Mi ero lasciato abbindolare da quegli occhioni tanto dolci quanto impertinenti come un pesce lesso, permettendo all'istinto e alle pulsioni fisiche di avere la meglio sulla ragione. Mi ero lasciato guidare da quelle fottute sensazioni che, fin dalla prima volta in cui avevo incrociato il suo sguardo, quello sguardo, si erano manifestate in tutta la loro avvenenza e chiarezza. Magnificenza e prorompenza.
Mi asciugai il volto cosparso di lacrime. Non avevo il coraggio di guardarmi allo specchio, non volevo vedervi riflesso l'effetto che quella serata nefasta aveva prodotto su di me. Avevo sbagliato. Avevo semplicemente sbagliato tutto. Concedermi il lusso di fare l'amore con Megan non era stato che un grande, grandissimo errore. L'errore più fatale della mia vita. Avevo temporeggiato più che potevo per non cadere in quella rete, ma le provocazioni e le insicurezze di quella donna mi avevano attratto verso di lei senza che potessi pensare ad altro. Effettivamente, starle vicino più del dovuto, conoscere qualche piccolo aspetto della sua vita, le sue delusioni d'amore e, in misura minore, le sue piccole, grandi speranze, mi aveva regalato una visione del tutto nuova del rapporto che io, generalmente, avevo instaurato con le altre donne. A dire la verità, avevo già sperimentato una simile, allettante prospettiva. Mi sembrava che, da allora, fosse passata un'intera vita. La mia esistenza, che inizialmente ruotava tutta attorno a Melissa, la mia Melissa, aveva subito uno stravolgimento impressionante. Pressoché totale. 

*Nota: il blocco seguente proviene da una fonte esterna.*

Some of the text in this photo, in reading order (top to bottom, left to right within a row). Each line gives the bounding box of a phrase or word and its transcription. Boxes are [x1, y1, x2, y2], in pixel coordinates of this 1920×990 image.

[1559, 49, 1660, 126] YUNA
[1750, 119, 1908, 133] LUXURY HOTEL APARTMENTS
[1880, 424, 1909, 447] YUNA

Tirai su col naso. Mi sentivo sfinito, depresso, confuso. Sentivo di voler piangere ancora; avrei tanto voluto urlare, sfogarmi contro l'orribile destino che mi era toccato, spalancare quella maledetta finestra e far sapere a tutti quanto mi sentissi uno schifo. Quanto la mia vita fosse sporca, fosse un vero e proprio orto pieno di verdure rinsecchite, rovinate dalle gagliarde tempeste che, da quel giorno infausto e maledetto, si erano abbattute sulla mia esistenza. Un'esistenza che, da sei anni a quella parte, giudicavo sterile e misera, per non dire inutile. L'improvviso squillo del telefonino mi fece riaprire gli occhi. Erano stracolmi di lacrime. Lasciando fluire quel dolore, mi alzai di malavoglia da un letto completamente disfatto; un letto che era stato testimone di un efferato evento.

«Pronto?» mormorai con la voce impastata, una volta afferrato il telefono dal comodino.

«Amico mio! Come stai?»

«Una merda», mi limitai a dire, asciugandomi le lacrime per l'ennesima volta.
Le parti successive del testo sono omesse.